Neuer Anstrich und weitere Figuren

Vormittags herrscht auf einem vom Suchthilfeverein Adrome gepachteten Bauernhof in Ziepel derzeit besonders viel Betrieb: Bewohner der Einrichtung bringen dort die Pyramide auf Vordermann, die in der Adventszeit auf dem Gardelegener Rathausplatz steht. Fotos: Tenbrink

Ziepel. Holz statt Plastik. So lautet die Devise bei der Aufarbeitung der Riesen-Pyramide, die in der Adventszeit traditionell auf dem Gardelegener Rathausplatz aufgestellt wird.

Deren Einzelteile werden seit einer Woche von Bewohnern des Caritativen Suchthilfevereins Adrome in Ziepel auf Vordermann gebracht. Außerdem werden sie neue Figuren für die Pyramide gestalten.

Auch neun weitere Holzfiguren – wie vergangenes Jahr dieses Reh – will Sabine Krüger mit ihren Helfern für das Gestell zimmern.

Schon im vergangenen Jahr wurden neun solcher Figuren in der Ergo-Werkstatt der Einrichtung gezimmert. Denn bis 2011 war die Pyramide mit Weihnachts- und Schneemännern aus Plastik bestückt.
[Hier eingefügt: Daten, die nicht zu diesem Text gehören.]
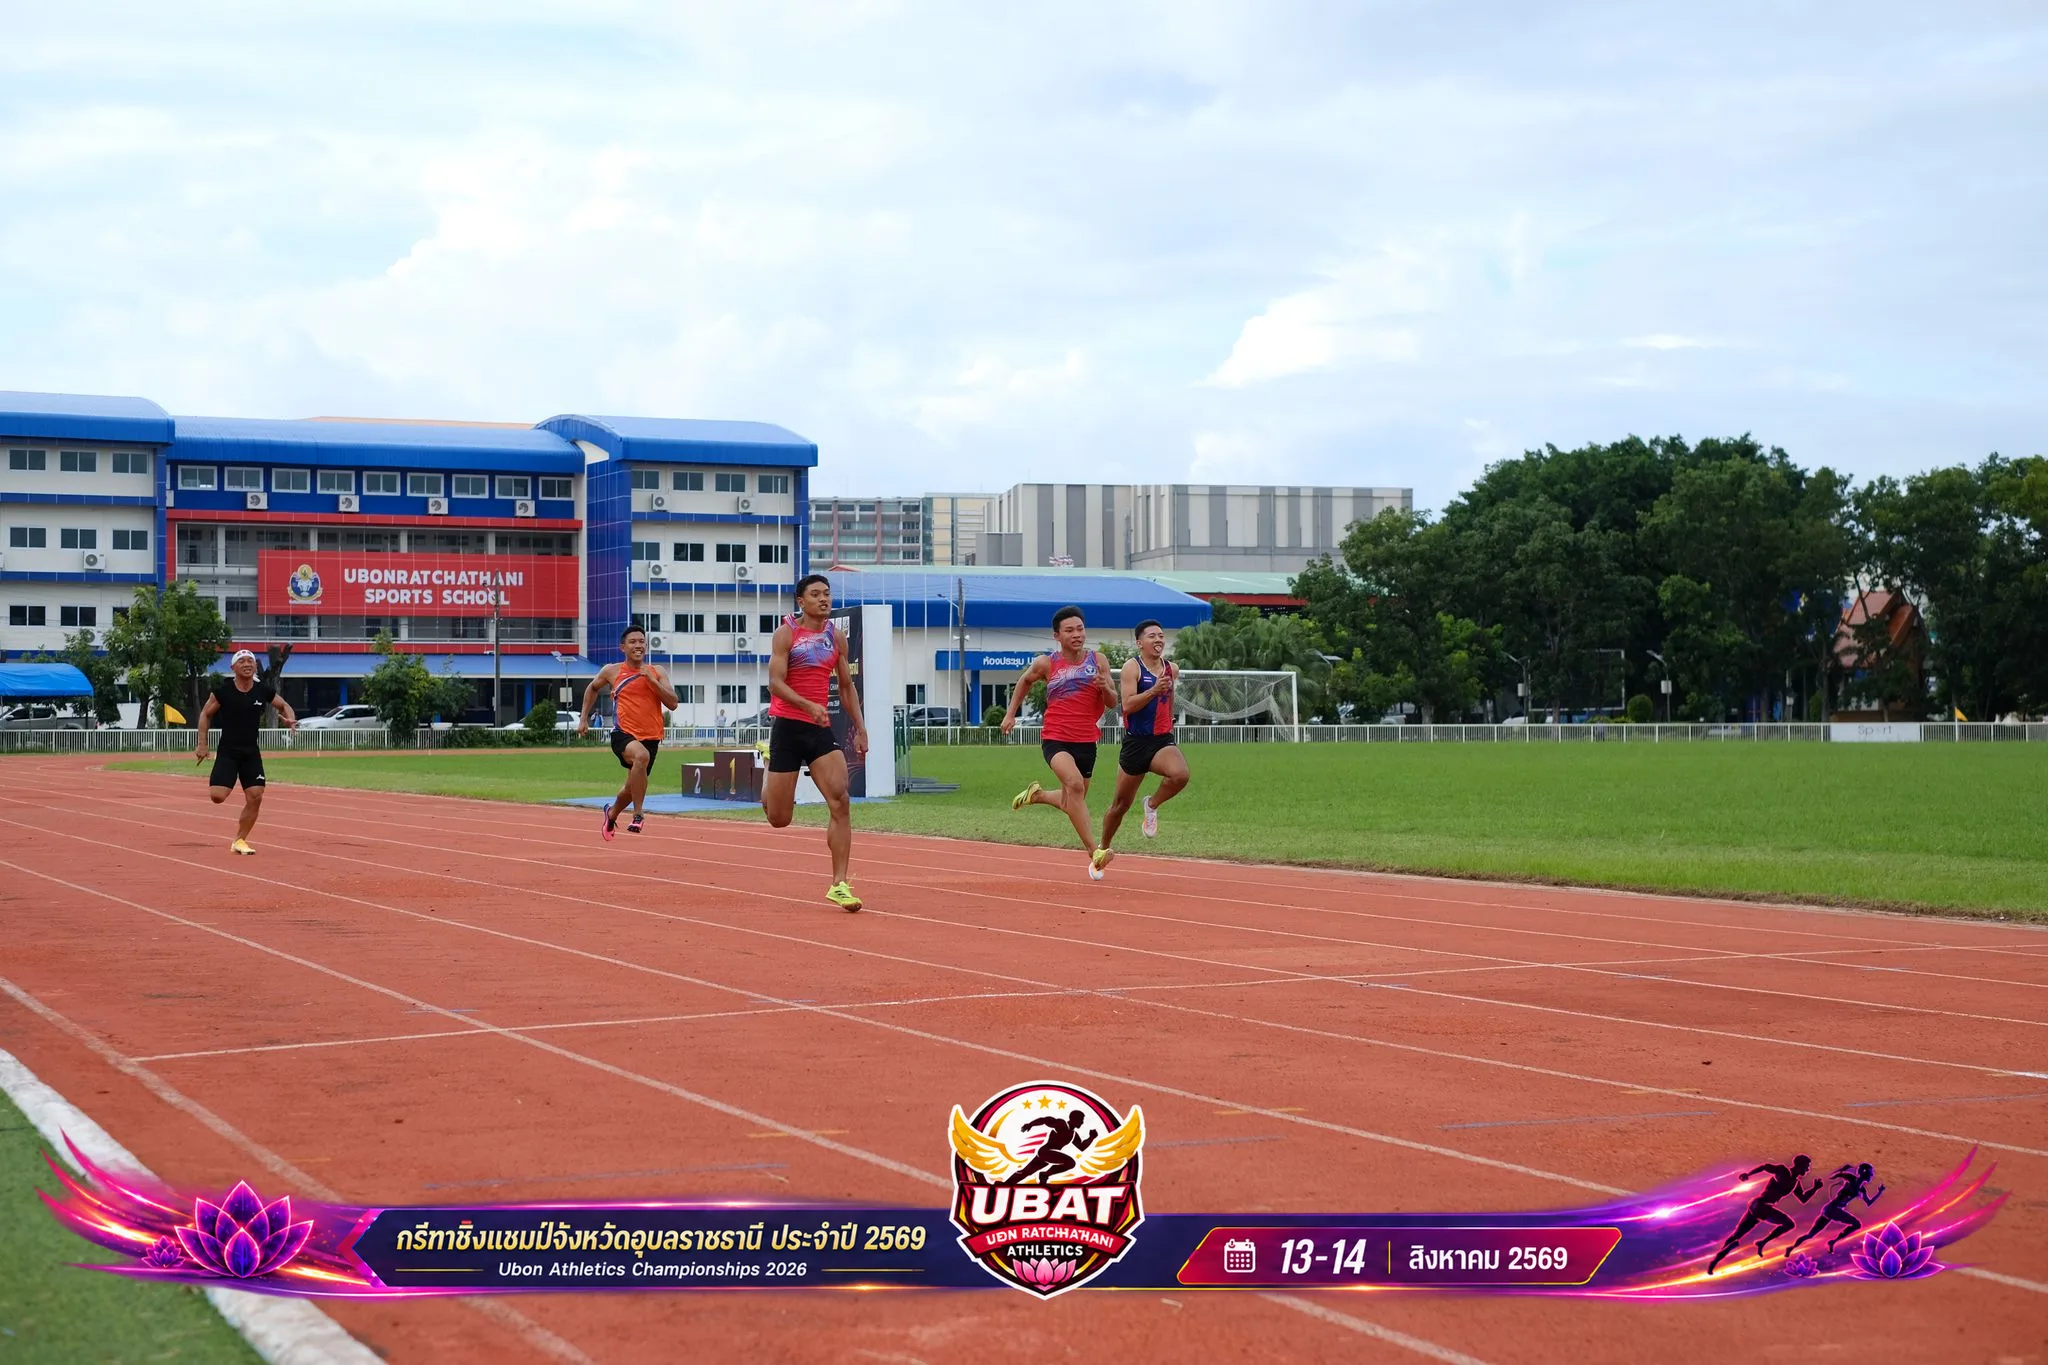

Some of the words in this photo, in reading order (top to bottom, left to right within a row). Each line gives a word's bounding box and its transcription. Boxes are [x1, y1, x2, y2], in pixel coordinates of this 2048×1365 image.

[343, 567, 524, 587] UBONRATCHATHANI
[364, 589, 433, 604] SPORTS
[442, 589, 510, 606] SCHOOL
[1857, 724, 1892, 736] Sprt
[694, 767, 701, 794] 2
[729, 757, 736, 795] 1
Dann hat sich die Kulturbeauftragte der Stadt, Anette Bernstein, mit Adrome in Verbindung gesetzt, erzählt Sabine Krüger. Sie arbeitet als Betreuerin in der Einrichtung. „Damals wurde auch überlegt, die Pyramide ganz zu entsorgen“, erinnert sich Krüger. Stattdessen entstanden in kurzer Zeit verschiedene Figuren aus Holz, wie etwa ein Engel oder ein Reh. Hinzu kamen Holzkisten, die als Geschenkpakete dekoriert wurden.
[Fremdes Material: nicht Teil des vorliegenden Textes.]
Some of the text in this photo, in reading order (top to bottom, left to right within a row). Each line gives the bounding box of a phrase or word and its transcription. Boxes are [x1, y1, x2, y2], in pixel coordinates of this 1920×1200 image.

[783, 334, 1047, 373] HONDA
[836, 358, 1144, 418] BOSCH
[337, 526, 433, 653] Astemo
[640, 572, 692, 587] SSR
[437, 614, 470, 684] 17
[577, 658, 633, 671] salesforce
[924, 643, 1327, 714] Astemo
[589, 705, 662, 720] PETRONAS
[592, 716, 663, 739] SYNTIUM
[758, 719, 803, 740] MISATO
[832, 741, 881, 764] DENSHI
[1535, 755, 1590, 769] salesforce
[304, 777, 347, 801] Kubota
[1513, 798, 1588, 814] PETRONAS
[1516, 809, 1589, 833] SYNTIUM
Zum kommenden Winter folgt nun ein weiterer Schritt in Sachen Pyramiden-Verschönerung: Neun weitere Figuren, darunter ein Nussknacker und ein Pfefferkuchen-Mann, sollen ihren Platz auf dem Gestell finden. Das bekommt zuvor jedoch, genau wie das Podest und der Flügelkopf, eine Frischzellenkur verpasst: Zunächst werden die Teile angeschliffen, damit die neue Farbschicht haftet. Danach bekommen sie einen neuen Anstrich mit Acrylfarbe: „Die Gelbtöne am Gestell werden etwas heller, die Brauntöne an Grundplatte und Flügeln etwas dunkler ausfallen“, verrät Krüger. Den Transport der drei großen Pyramiden-Teile übernimmt die Feuerwehr. Normalerweise lagern sie den Sommer über in einer Halle an der Letzlinger Landstraße. Und auch für die Leucht-Elemente der Pyramide hat sie sich etwas einfallen lassen: Die Ummantelungen der Glühbirnen, die bislang ebenfalls aus Plastik bestanden, sollen aus Holz gefertigt werden. Bis Ende November, wenn die Pyramide wieder aufgestellt wird, liegt also noch viel Arbeit vor Krüger und ihren Helfern.